Researchers believe that the disruption of a single gene in the brain can cause the severe cognitive deficits associated with Angelman syndrome, a neurogenetic disorder often misdiagnosed as cerebral palsy or autism because of its similar symptoms: intellectual and developmental delay, severe mental retardation, lack of speech, seizures, sleep disturbance, hand flapping and motor and balance disorders. This gene is related to brain plasticity—the ability of the brain to strengthen neuronal pathways so that we can learn and adapt to a changing environment. The syndrome “prevents brain circuits from encoding information provided by sensory experiences.”

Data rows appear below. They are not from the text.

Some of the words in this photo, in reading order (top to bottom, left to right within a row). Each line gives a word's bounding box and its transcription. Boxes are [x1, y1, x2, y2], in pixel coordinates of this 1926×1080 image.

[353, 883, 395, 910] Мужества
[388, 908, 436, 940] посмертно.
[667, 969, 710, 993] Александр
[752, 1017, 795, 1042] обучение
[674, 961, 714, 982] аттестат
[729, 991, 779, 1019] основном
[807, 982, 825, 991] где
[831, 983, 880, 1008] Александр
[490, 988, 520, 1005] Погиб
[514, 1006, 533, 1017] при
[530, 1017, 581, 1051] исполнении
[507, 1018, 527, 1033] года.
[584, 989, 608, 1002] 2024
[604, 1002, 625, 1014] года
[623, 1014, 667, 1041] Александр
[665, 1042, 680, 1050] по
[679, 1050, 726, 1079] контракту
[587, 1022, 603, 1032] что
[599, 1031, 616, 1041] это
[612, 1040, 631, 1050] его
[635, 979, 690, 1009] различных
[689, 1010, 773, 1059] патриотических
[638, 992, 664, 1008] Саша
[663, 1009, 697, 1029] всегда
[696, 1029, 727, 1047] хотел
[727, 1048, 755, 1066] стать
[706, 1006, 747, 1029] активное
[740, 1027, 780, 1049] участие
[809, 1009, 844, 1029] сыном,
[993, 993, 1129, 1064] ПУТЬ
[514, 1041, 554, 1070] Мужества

The exciting news is that they found some of this plasticity can be restored:
An unexpected finding was that the plasticity of the cellular connections could be restored in visual areas of the brain after brief periods of visual deprivation. Philpot said the observation that the brain defect could be reversed ‘is very encouraging, as it suggests that viable behavioral or pharmacological therapies are likely to exist.’

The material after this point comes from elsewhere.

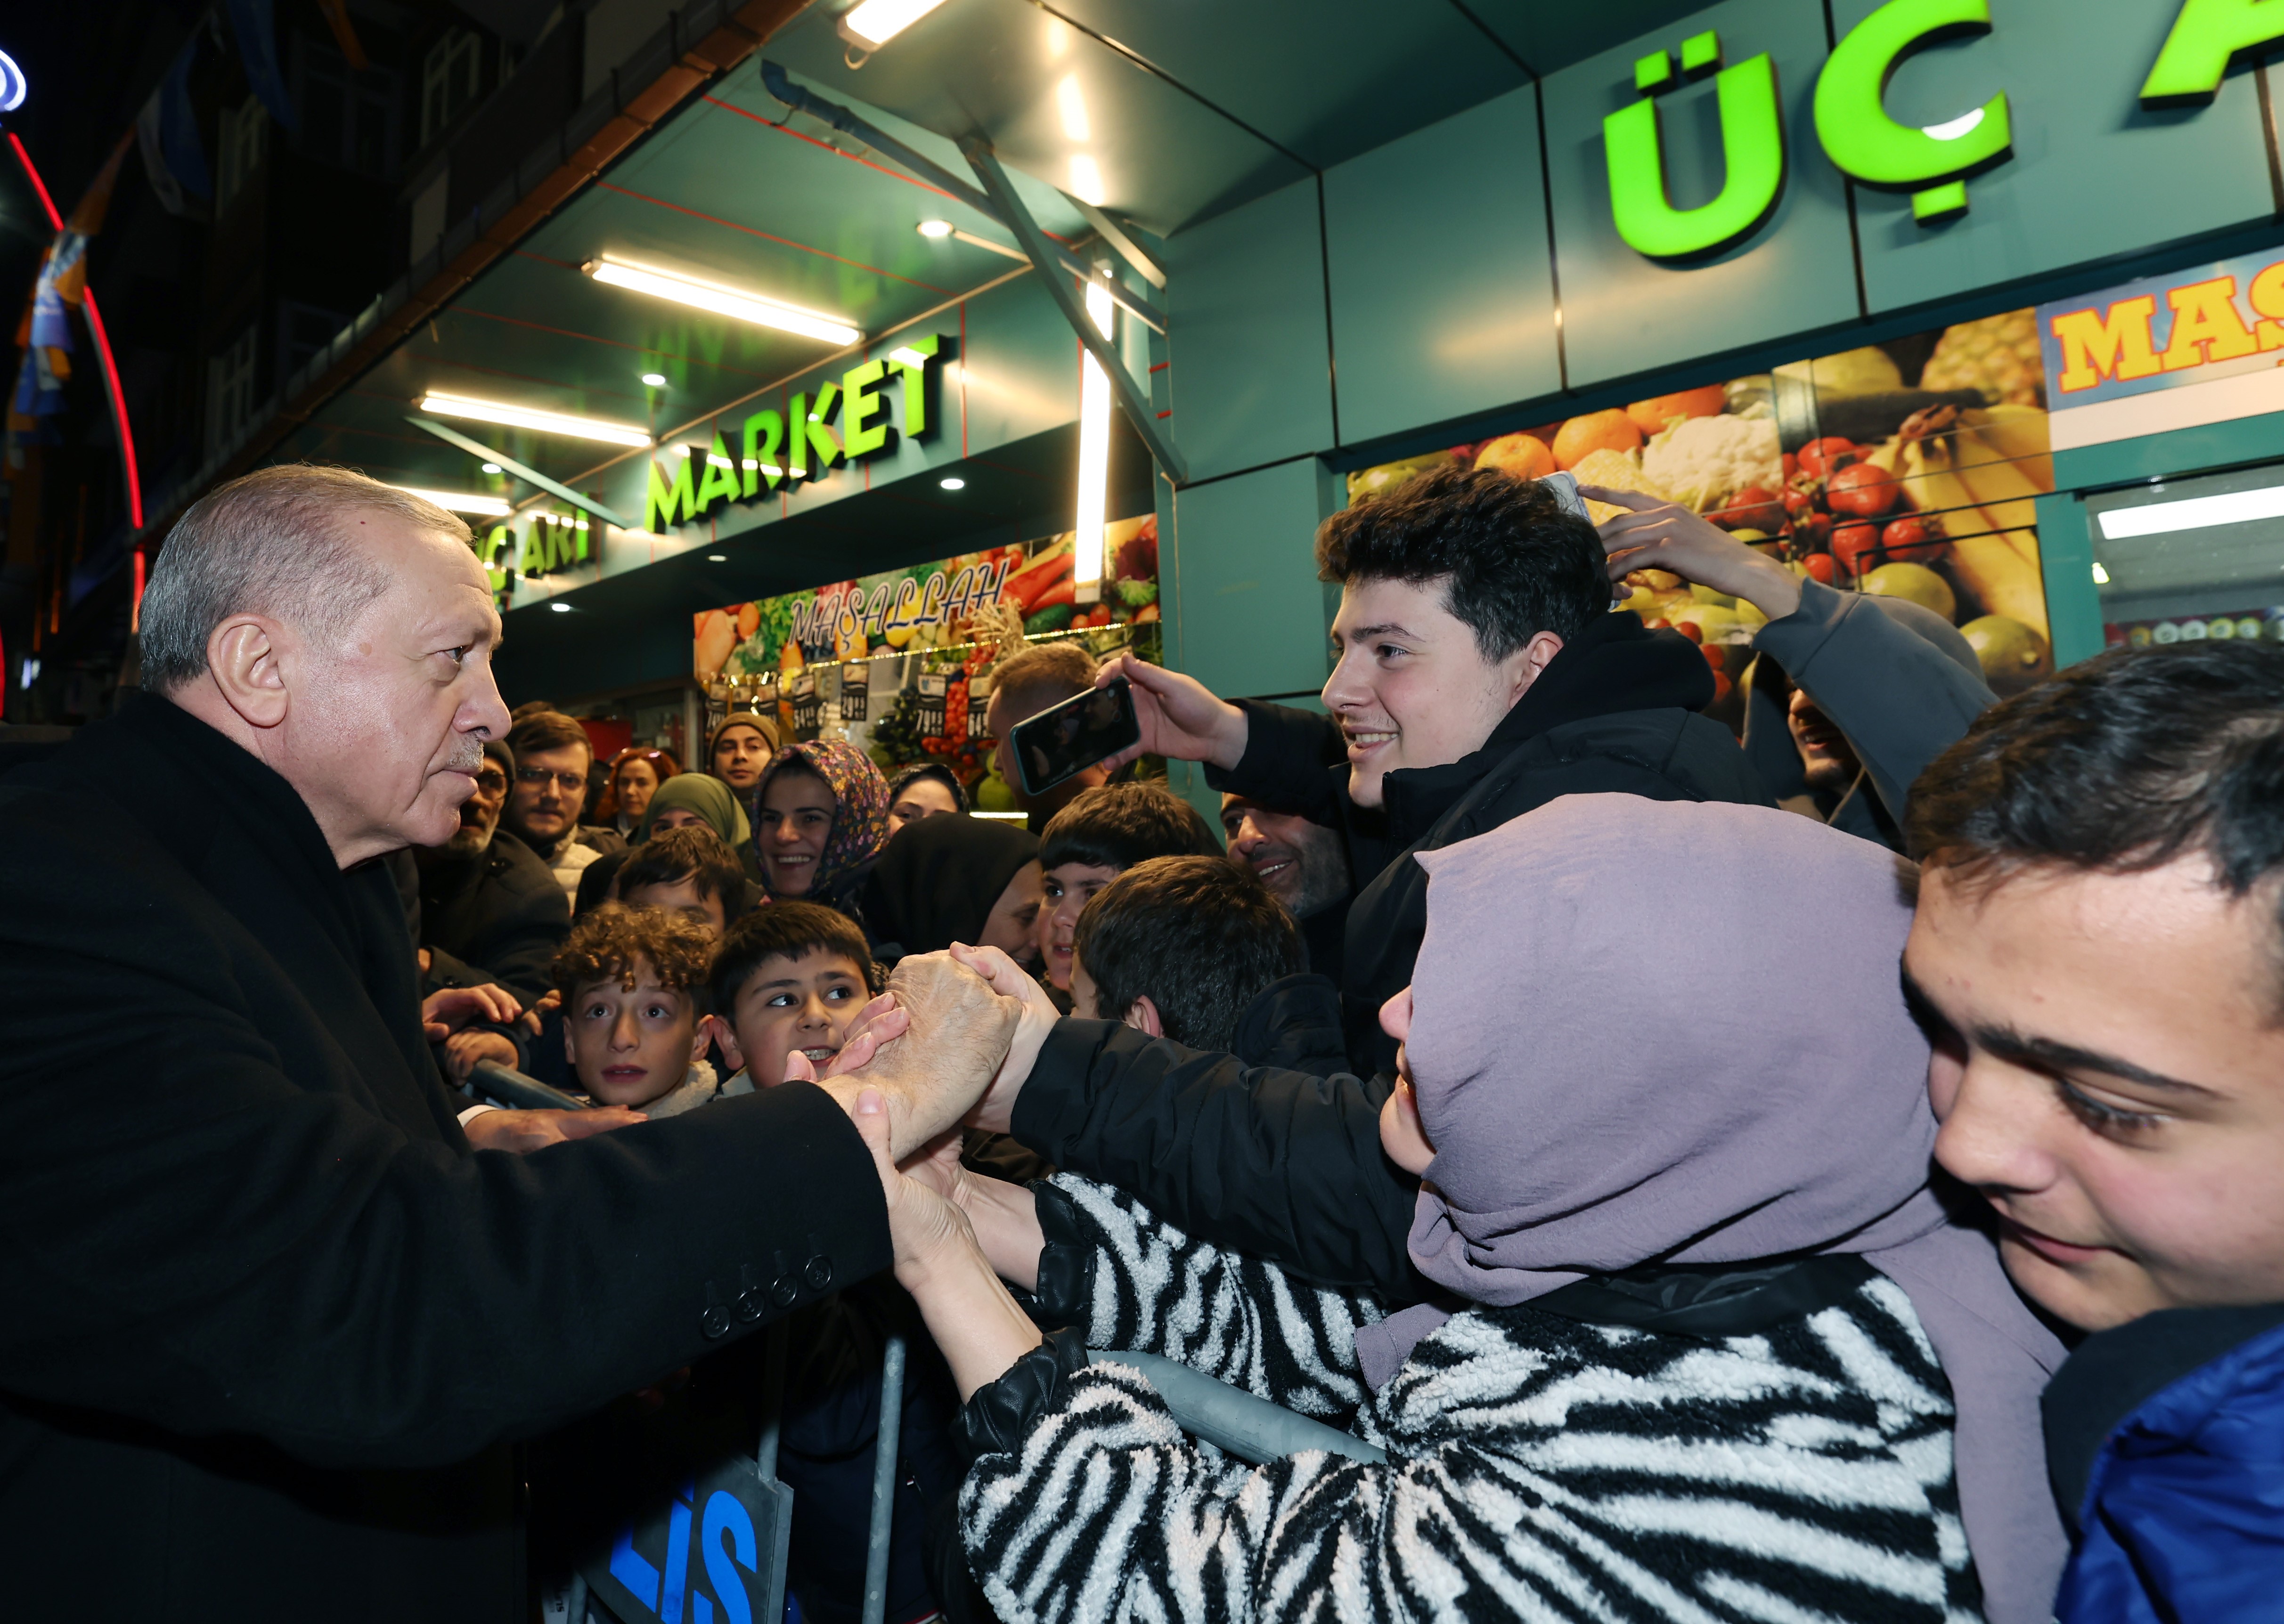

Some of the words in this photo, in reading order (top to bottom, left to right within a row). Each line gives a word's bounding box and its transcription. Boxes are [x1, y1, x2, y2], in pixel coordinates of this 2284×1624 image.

[1603, 0, 2014, 258] ÜÇ
[644, 333, 940, 533] MARKET
[789, 556, 1011, 654] MAŞALLAH

‘By showing that brain plasticity can be restored in Angelman syndrome model mice, our findings suggest that brain cells in Angelman syndrome patients maintain a latent ability to express plasticity. We are now collaborating to find a way to tap into this latent plasticity, as this could offer a treatment, or even a cure, for Angelman syndrome,’ said Philpot.
Philpot added, ‘This same experimental approach could also reveal how brain cells encode information from experiences in other related disorders, such as autism, and may provide a model to find cures for a variety of neurodevelopmental disorders.'”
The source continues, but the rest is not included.